Of the eighty-four USMA alumni who have received the Medal of Honor, eight were non-graduates: John Cleveland Robinson, Charles Henry Tompkins, John Alexander Logan, Jr., Louis J. Van Schaick, Eli Thompson Fryer, Michael J. Daly, Roger Donlon, and James A. Gardner. Two graduates, John Gregory Bourke (class of 1869) and Calvin Pearl Titus (class of 1905), received the Medal of Honor before being appointed to the academy. Other notable Academy alumni who received the Medal of Honor include William Harding Carter, Douglas MacArthur, and Humbert Roque Versace.

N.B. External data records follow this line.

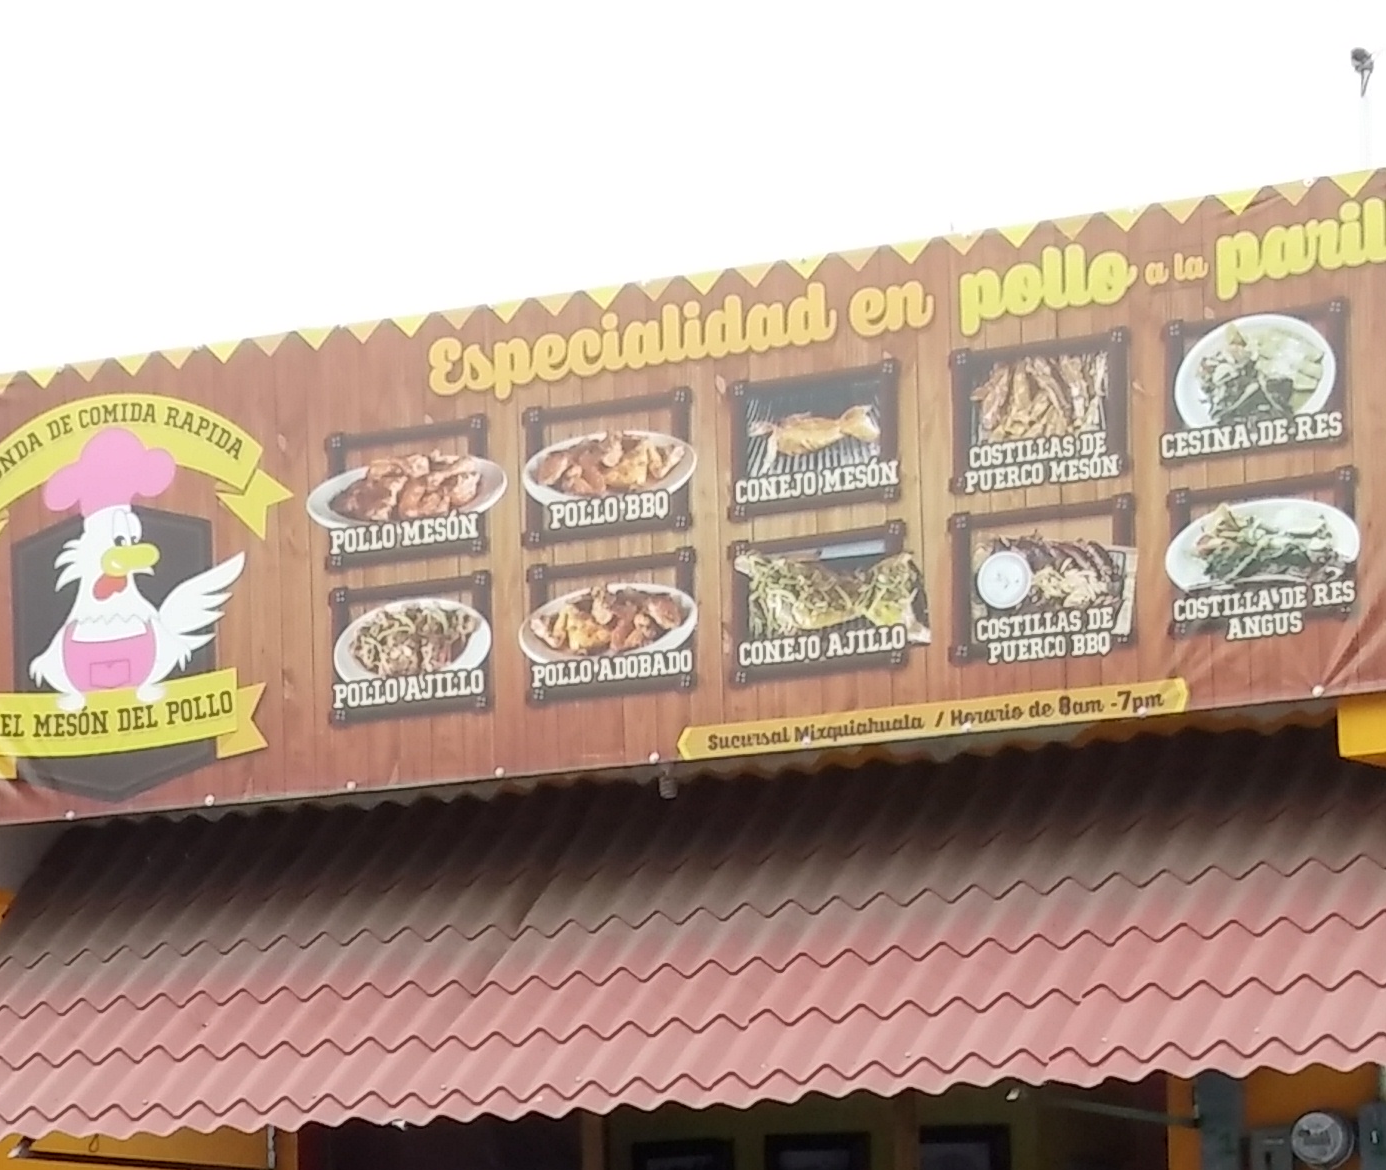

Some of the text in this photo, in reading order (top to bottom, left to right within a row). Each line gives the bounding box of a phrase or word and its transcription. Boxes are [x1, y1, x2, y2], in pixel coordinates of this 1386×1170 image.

[429, 281, 836, 400] Especialidad
[849, 280, 934, 336] en
[960, 243, 1137, 335] pollo
[1145, 262, 1169, 286] a
[1174, 252, 1209, 282] la
[48, 413, 74, 439] DE
[79, 402, 156, 428] COMIDA
[163, 406, 245, 461] RAPIDA
[969, 431, 1107, 468] COSTILLAS DE
[1161, 411, 1343, 459] CESINA DE RES
[735, 460, 899, 503] CONEJO MESÓN
[965, 450, 1119, 493] PUERCO MESÓN
[330, 508, 479, 554] POLLO MESÓN
[549, 490, 670, 530] POLLO BBQ
[977, 605, 1114, 641] COSTILLAS DE
[1173, 580, 1356, 623] COSTILLA DE RES
[739, 624, 907, 667] CONEJO AJILLO
[1225, 612, 1303, 641] ANGUS
[531, 649, 693, 689] POLLO ADOBADO
[987, 632, 1111, 665] PUERCO BBQ
[332, 669, 485, 709] POLLO AJILLO
[0, 689, 234, 738] EL MESÓN DEL POLLO
[708, 727, 790, 751] Sucursal
[794, 714, 924, 742] Mixquiahuala
[950, 702, 1025, 727] Horario
[1029, 700, 1054, 718] de

==Medal of Honor recipients==
Note: "Class year" refers to the alumnus's class year, which usually is the same year they graduated. However, in times of war, classes often graduate early.

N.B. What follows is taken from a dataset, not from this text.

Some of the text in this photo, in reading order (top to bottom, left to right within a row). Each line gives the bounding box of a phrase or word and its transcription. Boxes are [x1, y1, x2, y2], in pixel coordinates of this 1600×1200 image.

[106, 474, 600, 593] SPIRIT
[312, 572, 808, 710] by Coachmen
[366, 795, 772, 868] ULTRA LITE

ex: after the class year indicates the alumni is a non-graduating member of that class.

===American Civil War===
All of the USMA alumni who received the Medal of Honor for action in the American Civil War were part of the Union Army fighting against the Confederate States Army to undo the secession of the Confederate States of America. The Civil War was the first war for which the Medal of Honor was granted, and more USMA alumni received this honor for participation in the Civil War than for any other conflict. Of the 3464 American Civil War Medal of Honor recipients, 25 attended USMA.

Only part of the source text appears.